--- START ---
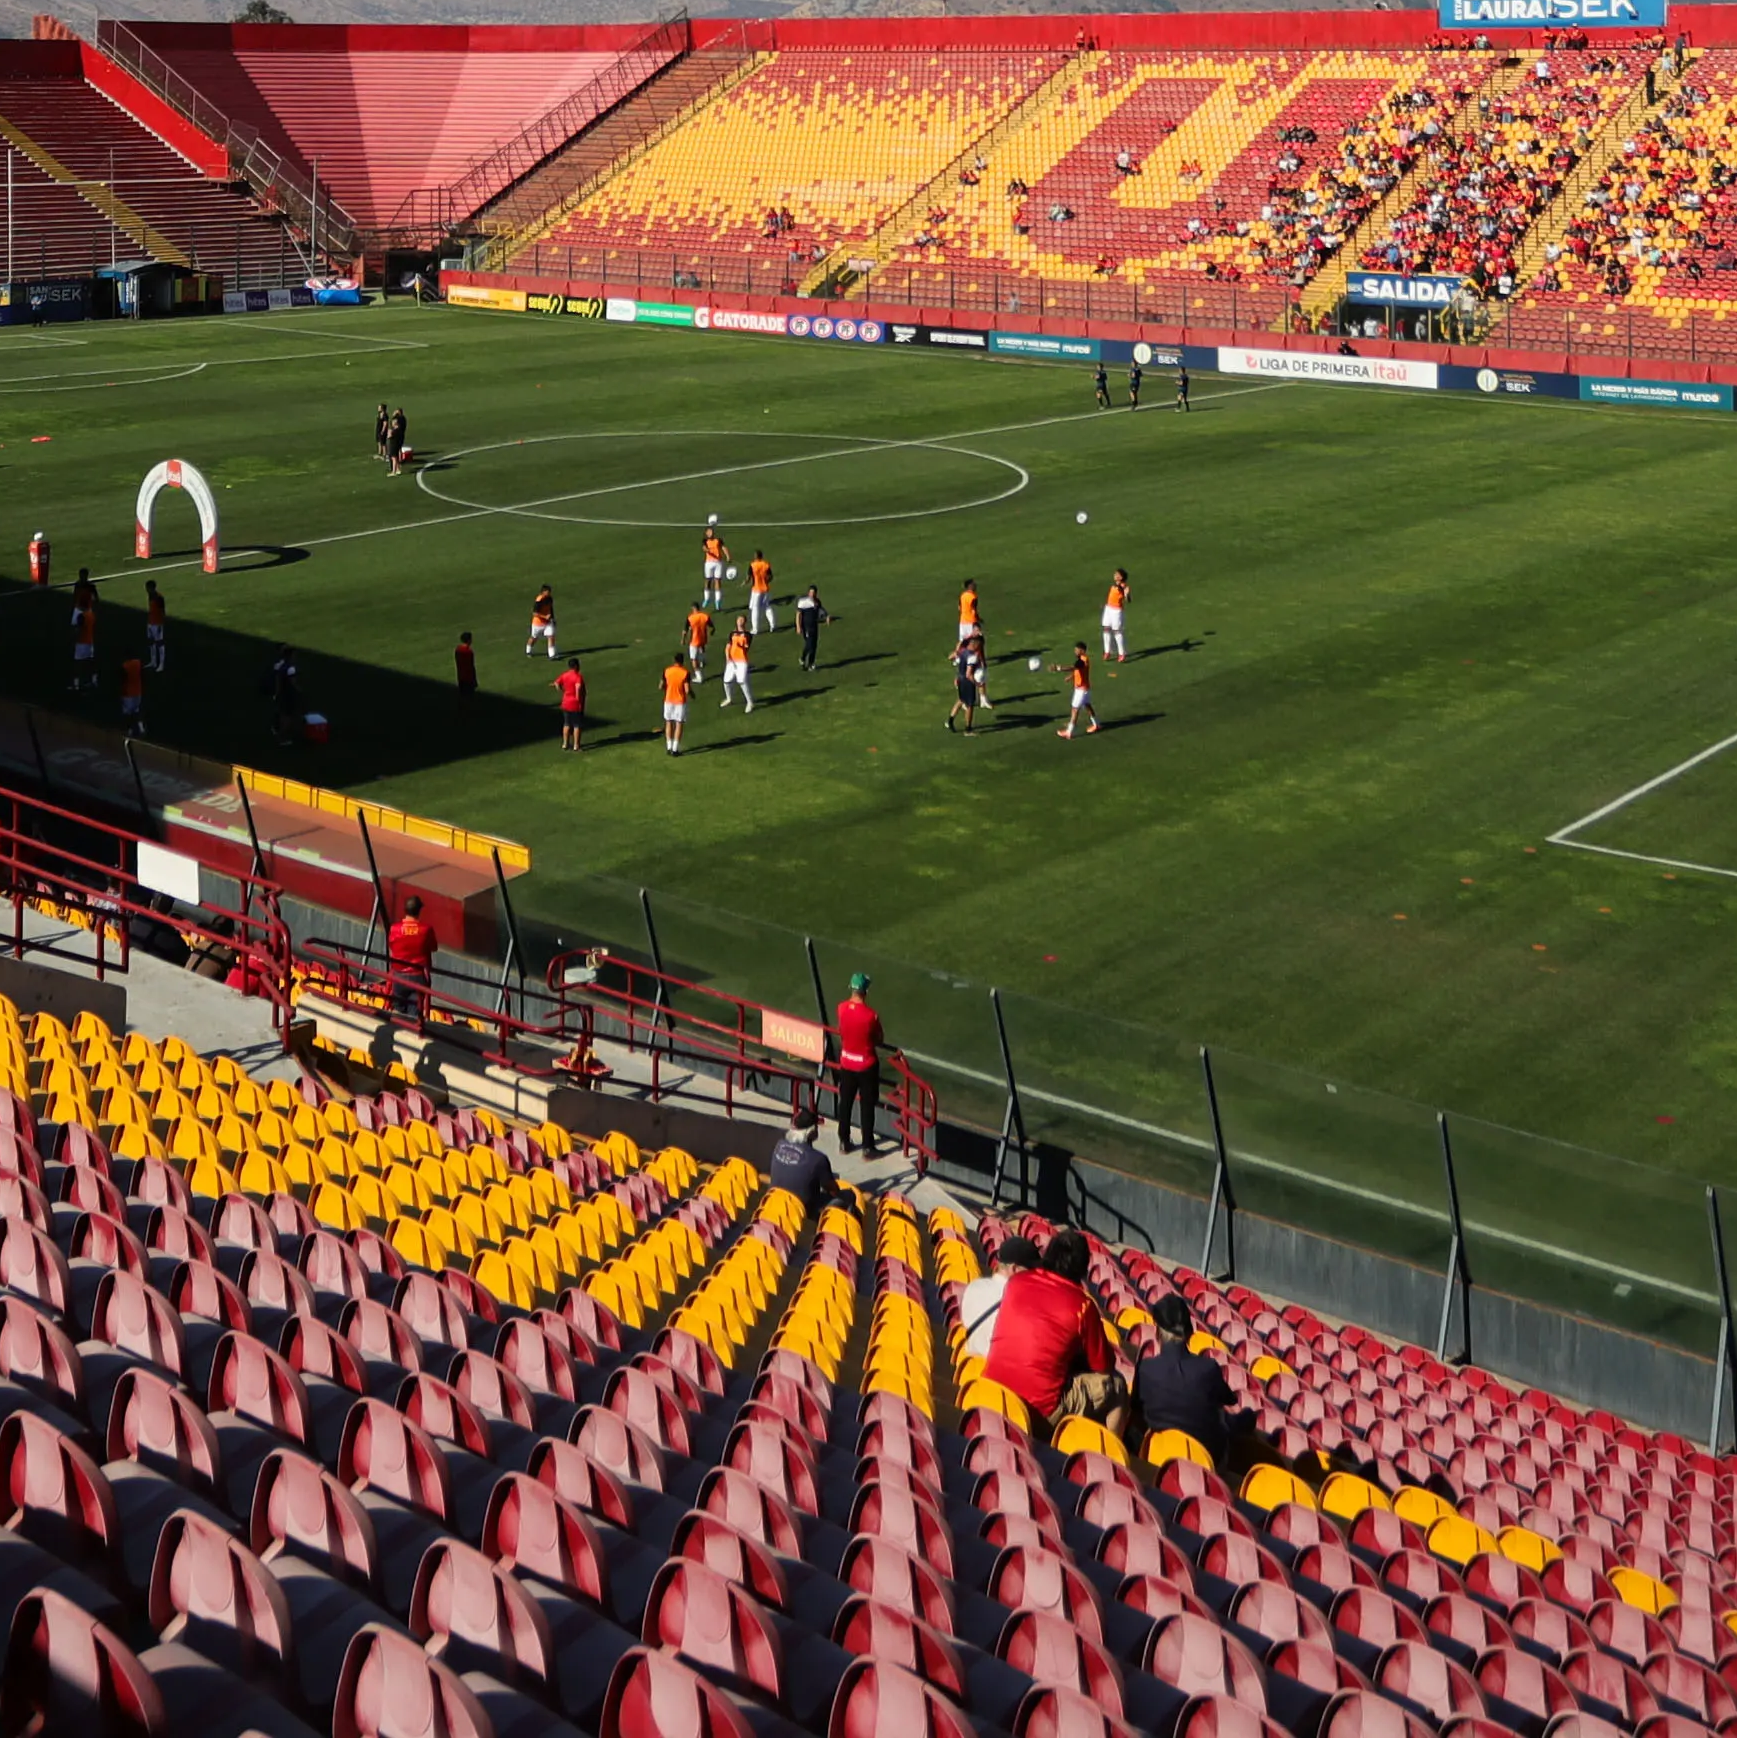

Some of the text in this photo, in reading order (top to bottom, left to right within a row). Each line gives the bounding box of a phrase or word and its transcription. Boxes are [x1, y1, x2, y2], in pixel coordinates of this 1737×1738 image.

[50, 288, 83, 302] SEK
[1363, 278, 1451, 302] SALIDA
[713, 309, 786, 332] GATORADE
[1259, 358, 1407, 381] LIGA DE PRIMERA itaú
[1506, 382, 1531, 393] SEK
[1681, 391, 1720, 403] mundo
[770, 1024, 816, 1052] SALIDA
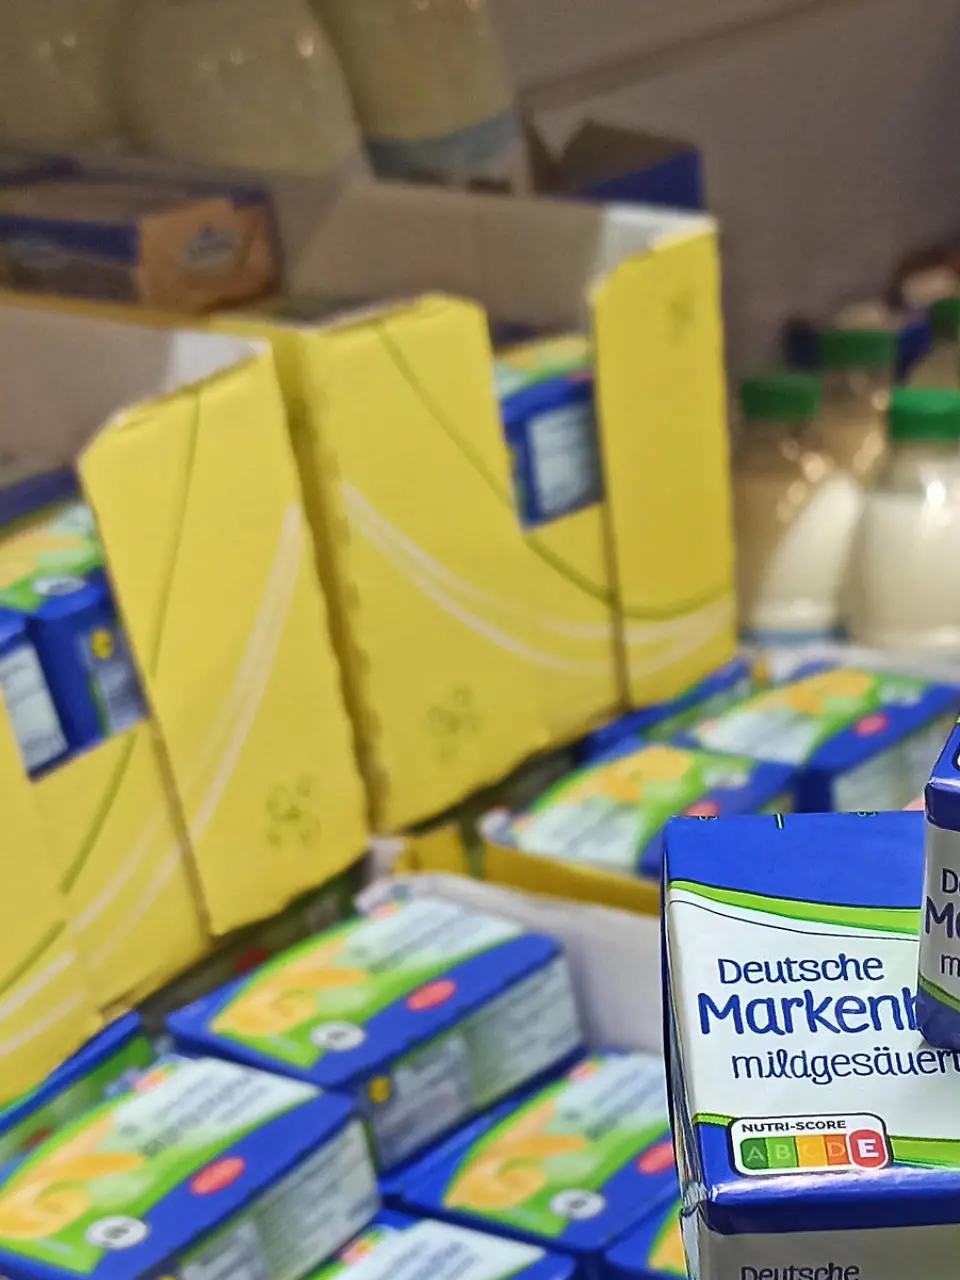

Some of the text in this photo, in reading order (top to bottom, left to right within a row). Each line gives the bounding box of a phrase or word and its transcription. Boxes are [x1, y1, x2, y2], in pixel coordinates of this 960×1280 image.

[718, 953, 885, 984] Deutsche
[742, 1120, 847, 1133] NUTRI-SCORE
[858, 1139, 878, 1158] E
--- END ---
Task prompt: Could you repeat all of the material exactly? Pictures should not be copied.

Result for this exercise:
Some of the text in this photo, in reading order (top to bottom, left to right within a row). Each line gives the bounding box of a phrase or word and its transcription. Boxes are [x1, y1, x2, y2], in pixel coordinates of this 1737×1738 image.

[50, 288, 83, 302] SEK
[1363, 278, 1451, 302] SALIDA
[713, 309, 786, 332] GATORADE
[1259, 358, 1407, 381] LIGA DE PRIMERA itaú
[1506, 382, 1531, 393] SEK
[1681, 391, 1720, 403] mundo
[770, 1024, 816, 1052] SALIDA

Some of the text in this photo, in reading order (top to bottom, left to right within a row). Each line gives the bounding box of a phrase or word and its transcription. Boxes are [x1, y1, x2, y2], in pixel coordinates of this 960×1280 image.

[718, 953, 885, 984] Deutsche
[742, 1120, 847, 1133] NUTRI-SCORE
[858, 1139, 878, 1158] E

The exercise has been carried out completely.